The tours that Carr and Cordellos decided to set up are organized around Norfolk’s connection with Louis Comfort Tiffany. The day’s events include a tour of the stained glass windows in Battell Chapel, with a talk by Nels White; a visit to a glassblower’s studio in Riverton; and a tour of Carr’s own house, Meadow Cottage, built in 1892 and the summer home of Louis Comfort Tiffany’s twin daughters, Julia deForest Tiffany and Louise Comfort Tiffany. Carr and her husband, Larry Hannafin, bought the house in 1974 and have kept most of the original furnishings, along with many items from the Manice deForest Lockwood house next door.
The tours now also include lunch, either at Infinity Bistro or Wood Creek Bar and Grill. Carr says she’s grateful for the cooperation and generosity of the two restaurants, who have to brace themselves for 55-60 people showing up at once.

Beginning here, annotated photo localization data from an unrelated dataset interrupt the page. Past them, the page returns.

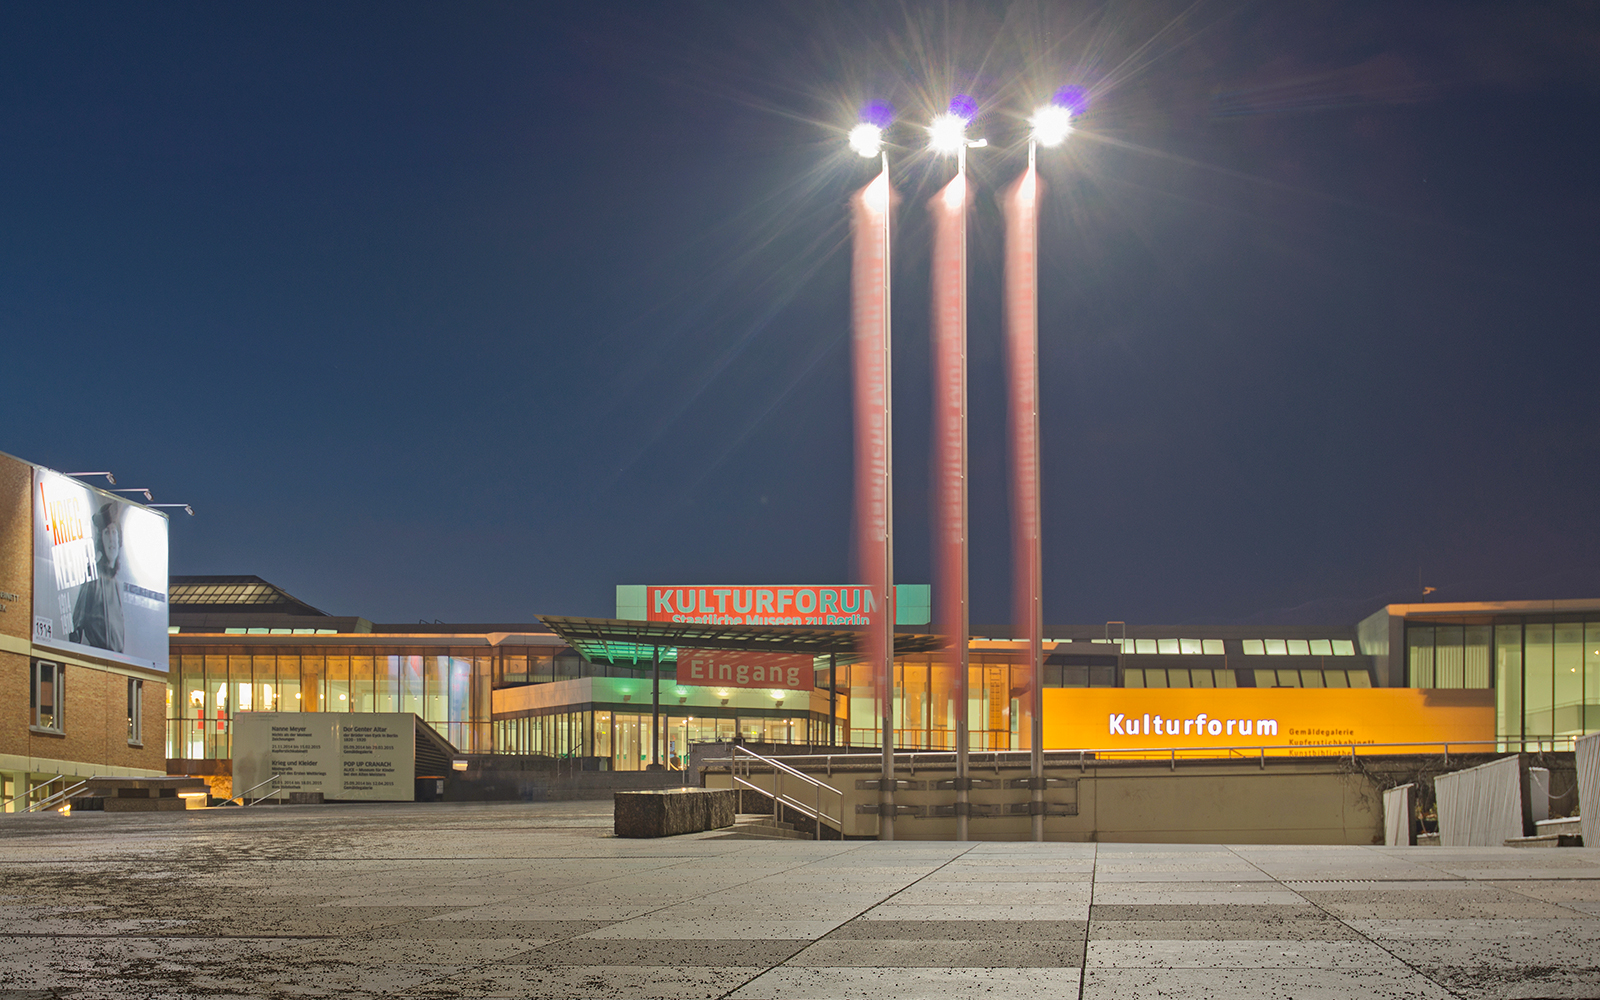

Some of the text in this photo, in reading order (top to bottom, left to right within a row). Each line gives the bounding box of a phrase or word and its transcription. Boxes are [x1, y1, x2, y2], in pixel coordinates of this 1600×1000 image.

[49, 497, 83, 546] KRIEG
[672, 614, 870, 625] Staatliche Museen zu Berlin
[36, 622, 52, 638] 1914
[691, 659, 800, 686] Eingang
[1109, 713, 1278, 736] Kulturforum
[1289, 728, 1354, 736] Gemäldegalerie

Besides the ConneCTions tours, there have also been occasional special tours, for example, one set up with Ventfort Hall, a Gilded Age mansion and museum in Lenox, Mass., and another with Arthur Liverant, a dealer in early American antiques who lives in Colchester. In addition to seeing the Tiffany windows and Meadow House, these groups visited the Norfolk Library and Whitehouse, where Jim Nelson and Ann Havemeyer gave talks on the house and its art collection. The Liverant group was able to see the exhibition “Norfolk in the Great War” at the Historical Society, while the Ventfort Hall group finished their day with tea at another historic house in town, the 1908 Farman house, designed by Alfredo Taylor and now owned by Roger Mitchell and Pete Peterson.
The bus tours have proved to be very popular: there were five this fall, and three ConneCTions tours have already been booked for May 2018. Two buses, with about 50 people in each, have been booked for the same day. Carr gives every person who comes on a tour a copy of the Norfolk town brochure.
Organizing these tours, and getting her house ready for visitors, is a lot of work, Carr says, but she thoroughly enjoys it. They combine two of her favorite things, American antiques—“I live, breathe and eat antiques,” she says—and her love of Norfolk. “I love Norfolk so much, and I’m trying to help it in any way possible. I want people to come her to see our treasures.”